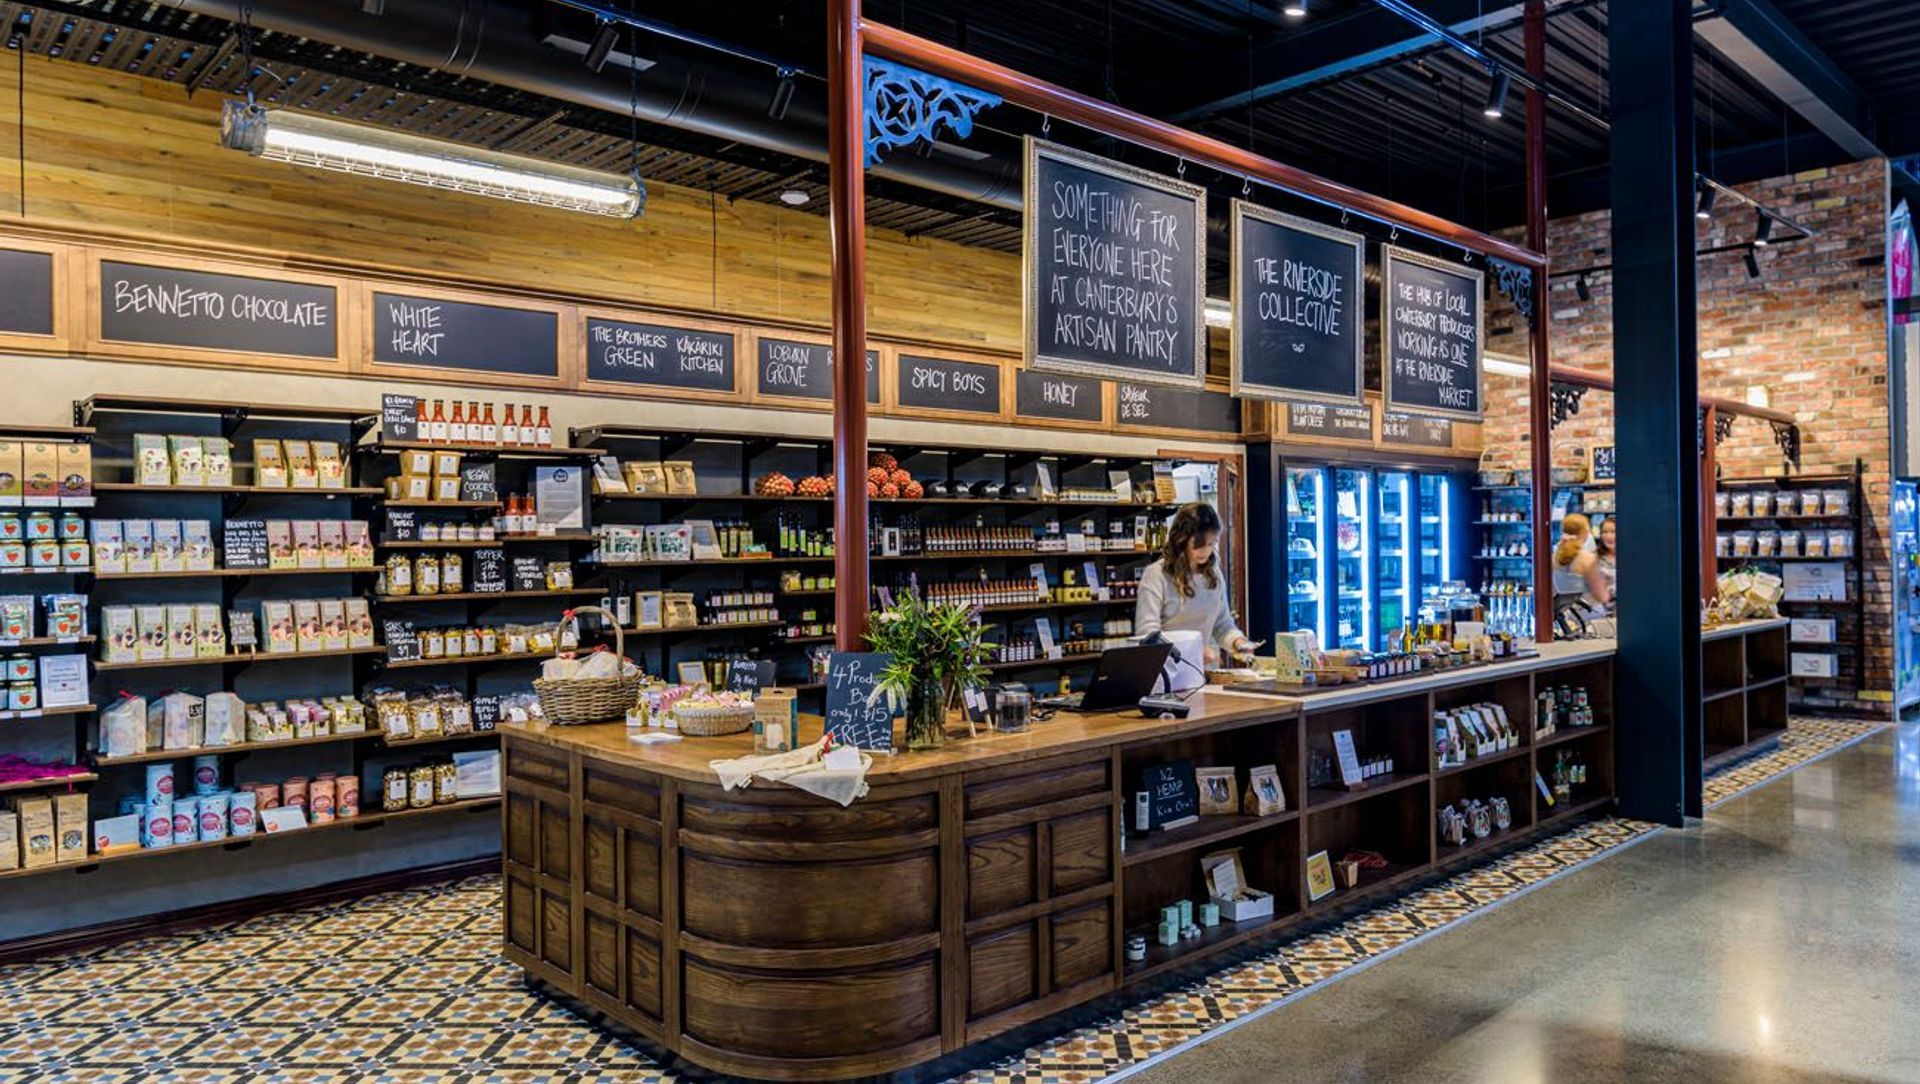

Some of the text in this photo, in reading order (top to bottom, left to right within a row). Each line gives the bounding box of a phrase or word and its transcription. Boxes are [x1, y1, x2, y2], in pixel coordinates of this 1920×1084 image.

[1052, 180, 1180, 251] SOMETHING FOR
[1053, 227, 1173, 287] EVERYONE HERE
[1254, 257, 1342, 305] THE RIVERSIDE
[114, 280, 328, 327] BENNETTO CHOCOLATE
[1051, 274, 1178, 324] AT CANTERBURY'S
[1398, 282, 1471, 317] THE HUB OF LOCAL
[389, 302, 443, 329] WHITE
[1259, 292, 1342, 336] COLLECTIVE
[1395, 306, 1475, 342] CANTERBURY PRODUCERS
[392, 329, 445, 356] HEART
[591, 326, 668, 348] THE BROTHERS
[1054, 312, 1178, 366] ARTISAN PANTRY
[1397, 327, 1470, 366] WORKING AS ONE
[604, 345, 655, 369] GREEN
[680, 355, 724, 375] KITCHEN
[766, 361, 808, 387] GROVE
[911, 366, 985, 395] SPICY BOYS
[1404, 358, 1416, 377] THE
[1418, 360, 1455, 386] RIVERSIDE
[1042, 380, 1078, 407] HONEY
[1439, 384, 1474, 408] MARKET
[1131, 402, 1150, 418] SEL
[833, 664, 847, 690] 4
[861, 706, 888, 722] $15
[1160, 767, 1175, 781] NZ
[1157, 779, 1184, 797] HEMP

□ □ □ □ □ □ □

• [WHAT YOU NEED TO DO]
Copy every line of the records exactly as it is written, but not the pictures.

• [RESULT FOR THIS TASK]
Some of the text in this photo, in reading order (top to bottom, left to right within a row). Each line gives the bounding box of a phrase or word and its transcription. Boxes are [x1, y1, x2, y2], in pixel coordinates of this 1920×1084 image.

[1052, 180, 1180, 251] SOMETHING FOR
[1053, 227, 1173, 287] EVERYONE HERE
[1254, 257, 1342, 305] THE RIVERSIDE
[114, 280, 328, 327] BENNETTO CHOCOLATE
[1051, 274, 1178, 324] AT CANTERBURY'S
[1398, 282, 1471, 317] THE HUB OF LOCAL
[389, 302, 443, 329] WHITE
[1259, 292, 1342, 336] COLLECTIVE
[1395, 306, 1475, 342] CANTERBURY PRODUCERS
[392, 329, 445, 356] HEART
[591, 326, 668, 348] THE BROTHERS
[1054, 312, 1178, 366] ARTISAN PANTRY
[1397, 327, 1470, 366] WORKING AS ONE
[604, 345, 655, 369] GREEN
[680, 355, 724, 375] KITCHEN
[766, 361, 808, 387] GROVE
[911, 366, 985, 395] SPICY BOYS
[1404, 358, 1416, 377] THE
[1418, 360, 1455, 386] RIVERSIDE
[1042, 380, 1078, 407] HONEY
[1439, 384, 1474, 408] MARKET
[1131, 402, 1150, 418] SEL
[833, 664, 847, 690] 4
[861, 706, 888, 722] $15
[1160, 767, 1175, 781] NZ
[1157, 779, 1184, 797] HEMP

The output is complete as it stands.